Nel polo inferiore dell'essere umano, nel polo del metabolismo e del movimento, dominano i processi eterico-fisici: le cellule dell'intestino si ri­generano, le cellule dell'apparato riproduttivo si moltiplicano. Ma non è così per il polo neuro-sensoriale: qui le cellule nervose non si rige­ne­rano. Perché? Per il fatto - sostiene l'antroposofia - che il polo superiore ha sa­crificato la sua vitalità eterico-fisica a favore della vita conosci­tiva, a favo­re della memoria, dell'immaginazione, della fantasia, del senso logico. E qui troviamo un esempio di una grande legge dello spirito: "il superiore vi­ve grazie all'inferiore", i processi coscienziali si sviluppano perché la vita­lità fisica diminuisce, non si può essere troppo vitali e co­scienti insieme. E' la legge espressa nel Vangelo di Giovanni dal­l'episo­dio della «lavanda dei piedi».
Che cosa succede invece quando l'individuo si ammala? Succede che l'equilibrio fra i tre corpi o fra le tre facoltà si sbilancia. Può capitare allo­ra, se l'uomo si è troppo identificato, per un certo periodo, con i biso­gni fisici, che il polo meta­bolico, il polo caldo del volere, prenda il so­pravvento: si crea allora un ec­cesso di calore, una infiammazione. Se in­vece predomina troppo il polo neuro-sen­soriale, freddo e minerale, se ci si intellettualizza troppo, prevale allora l'indurimento, la sclerosi oppu­re il tumore. Allora possiamo dire che ciò che nella pianta è deforma­zione di una parte, nell'uomo è malattia, perché diviene squilibrio delle facoltà, del pensare, sentire, volere.
L'infiammazione e la sclerosi sono le due direzioni polari della malattia: i due archetipi.

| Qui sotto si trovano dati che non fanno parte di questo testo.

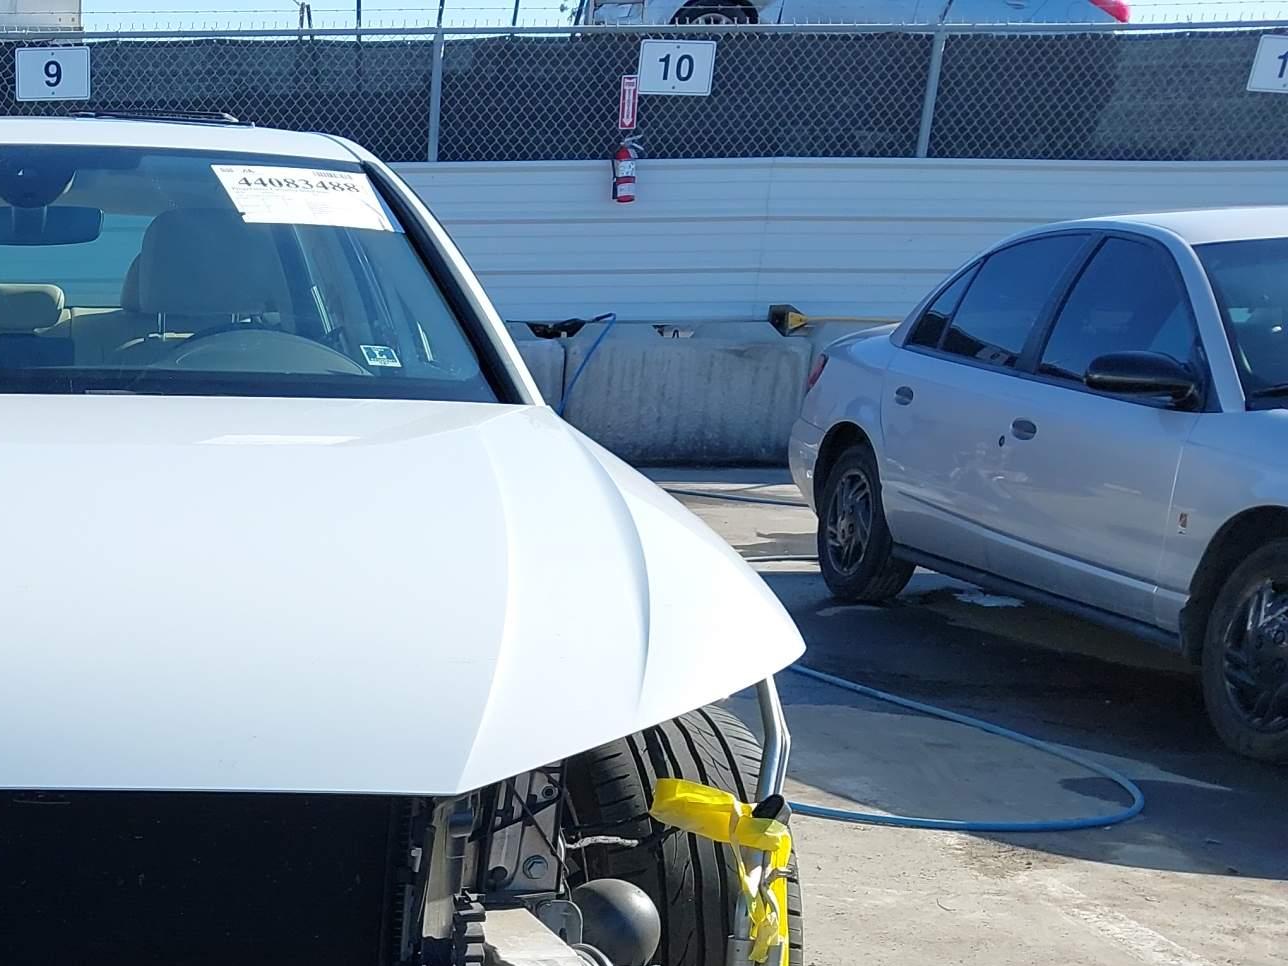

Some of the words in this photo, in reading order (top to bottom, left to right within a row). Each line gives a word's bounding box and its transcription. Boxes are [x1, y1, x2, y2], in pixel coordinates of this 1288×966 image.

[44, 60, 62, 87] 9
[658, 54, 694, 82] 10
[238, 176, 360, 193] 44083488

Nella storia dell'Occidente degli ultimi secoli ci sono state tre grandi malattie endemiche: la lue, la tubercolosi e il cancro, tutte conseguenze della diffusione del materialismo.
La lue, infatti, per le gravi conse­guenze che la fase terziaria porta sul sistema nervoso, fu l'esito di una prepotente invasione delle forze del volere sul pensare: è il caso di Guy de Maupassant, scrittore naturalista, e di Friedrich Nietzsche, filosofo della volontà di potenza. La stessa vo­lontà di potenza che percorse l'Europa nel XVI secolo, quando la sifilide mieté 20 milioni di morti.
La tubercolosi è invece conseguenza di un'invasione del volere sulla zona mediana, sul sentire: di qui la successiva nascita della forma men­tis del tuber­colotico, spesso afflitto da tormenti sentimen­tali, paure dei fantasmi, fra­gilità emotiva. Si pensi a Chopin, a Robert Louis Stevenson, a Edgar Allan Poe, a Kafka.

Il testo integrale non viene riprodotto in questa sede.